Spatial localization data:

◆ ◆ ◆ ◆

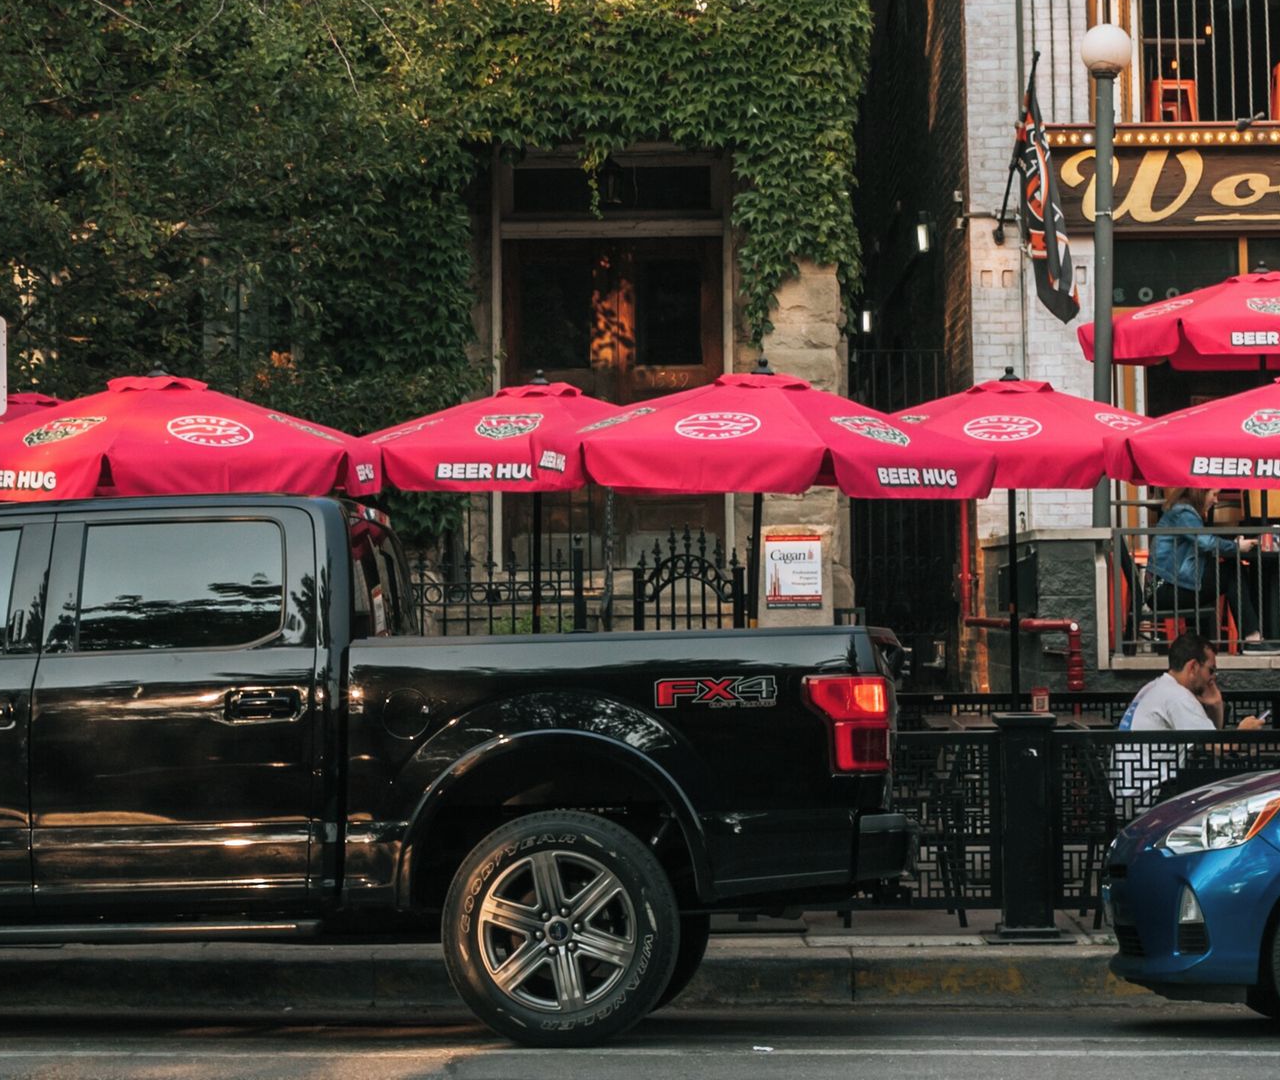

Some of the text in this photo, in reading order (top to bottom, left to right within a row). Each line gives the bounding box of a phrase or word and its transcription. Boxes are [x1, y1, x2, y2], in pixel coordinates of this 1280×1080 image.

[1232, 331, 1279, 346] BEER
[437, 463, 493, 479] BEER
[1192, 457, 1252, 476] BEER
[16, 471, 56, 489] HUG
[877, 468, 958, 487] BEER HUG
[770, 549, 806, 564] Cagan
[654, 675, 778, 709] FX4
[460, 833, 577, 934] GOODYEAR
[540, 934, 654, 1031] WRANGLER

◆ ◆ ◆ ◆

## GOAL OF THE EXERCISE
Output the data above in full. Skip every picture.

## ANSWER FOR THIS EXERCISE
Some of the text in this photo, in reading order (top to bottom, left to right within a row). Each line gives the bounding box of a phrase or word and its transcription. Boxes are [x1, y1, x2, y2], in pixel coordinates of this 1280×1080 image.

[1232, 331, 1279, 346] BEER
[437, 463, 493, 479] BEER
[1192, 457, 1252, 476] BEER
[16, 471, 56, 489] HUG
[877, 468, 958, 487] BEER HUG
[770, 549, 806, 564] Cagan
[654, 675, 778, 709] FX4
[460, 833, 577, 934] GOODYEAR
[540, 934, 654, 1031] WRANGLER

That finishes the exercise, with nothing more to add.